Friday, March 20, 2009

Abolitionism at UNC?

I came across a couple of interesting quotes in William Hooper's An Oration Delivered at Chapel Hill on Wednesday, June 24, 1829 (Hillsborough: D. Heartt, 1829). This was the grandson of William Hooper, the signer of the Declaration of Independence. The grandson was a professor at UNC and gave this address to the students on the eve of graduation in 1829.

“Let every American believe, let every child be brought up to think, that as soon as the chain of our union is broken, this continent, hitherto so peaceful and harmonious, will become, what Europe has so long been, the bloody arena of perpetual strife between neighboring nations . . .”
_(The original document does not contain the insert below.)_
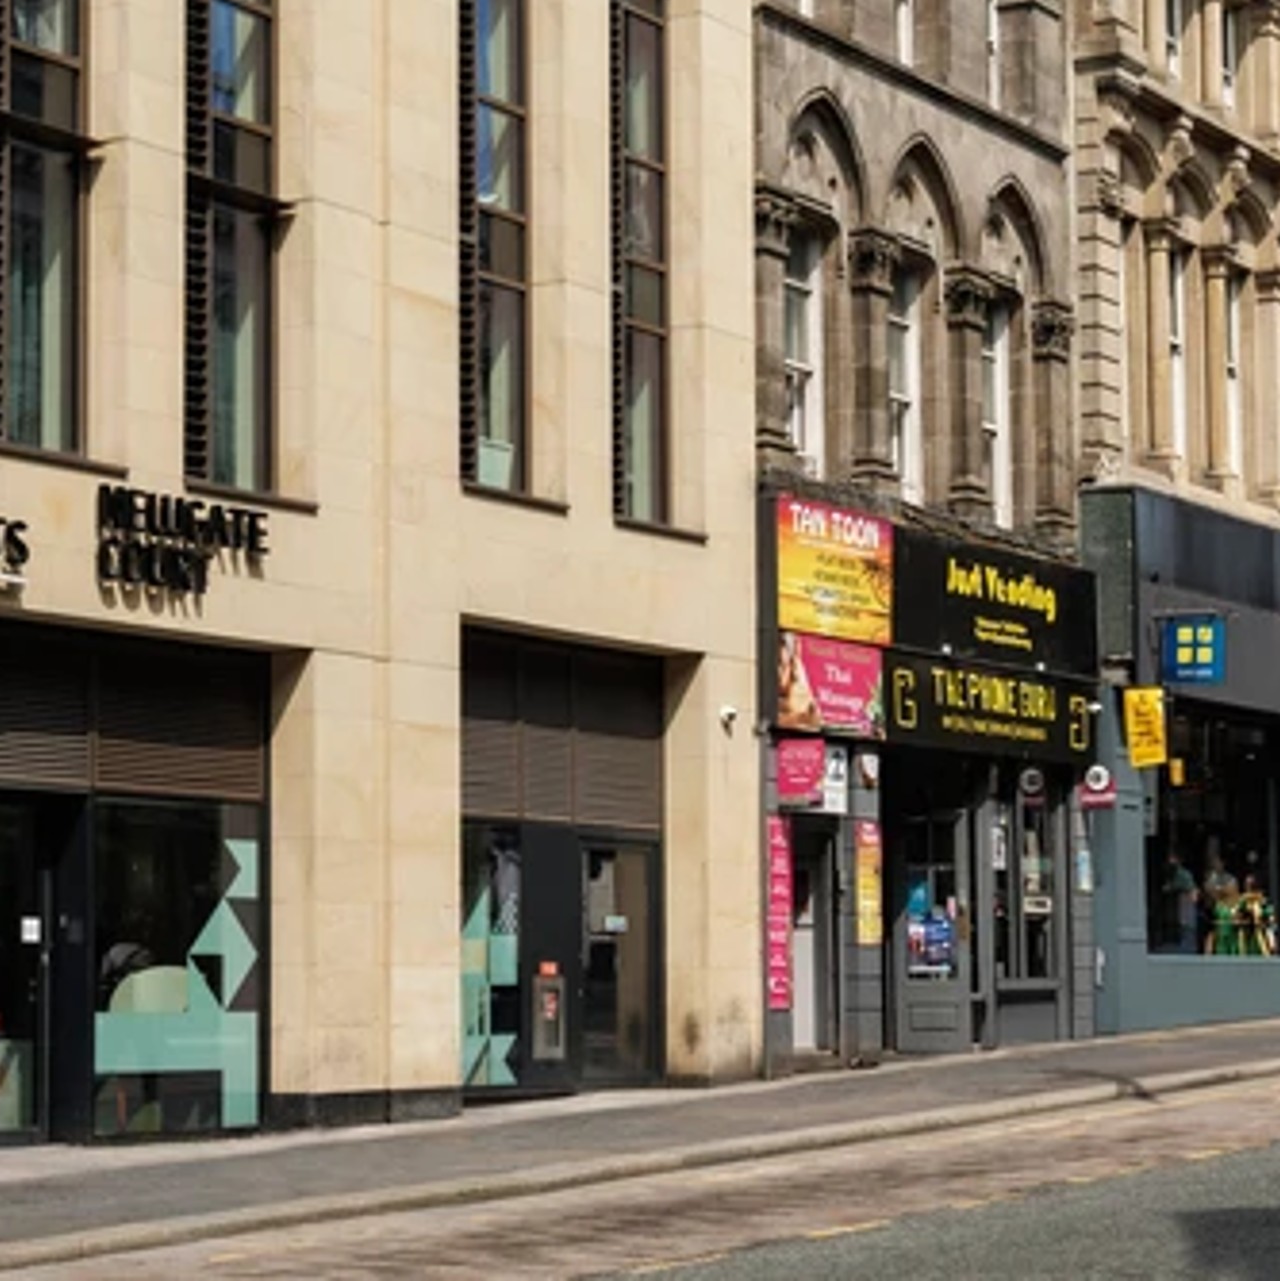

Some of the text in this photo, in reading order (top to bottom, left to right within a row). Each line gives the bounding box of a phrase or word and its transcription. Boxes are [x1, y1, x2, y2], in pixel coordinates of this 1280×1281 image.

“That slavery is the baneful parent of the vilest morals, every virtuous family in this southern country knows full well, and deplores that it holds within its own walls a fountain of moral poison, which, in spite of the most watchful care, is continually diffusing around its baleful influence and infecting the health of all the household; while public testimony to the same mournful fact is furnished by every jail and gibbet in the land. Many of the state governments have awaked to the importance of this subject, and we may hope that the progress of political wisdom and an increasing sense of the magnitude of the evil, will enlist the remainder, who now stand back in indifference or despair, until at length a unanimity shall be effected, by which the collective wisdom and resources of the nation shall be put into action for the extirpation of the bitter root from our soil.”

I wonder what sort of stir these comments caused on campus!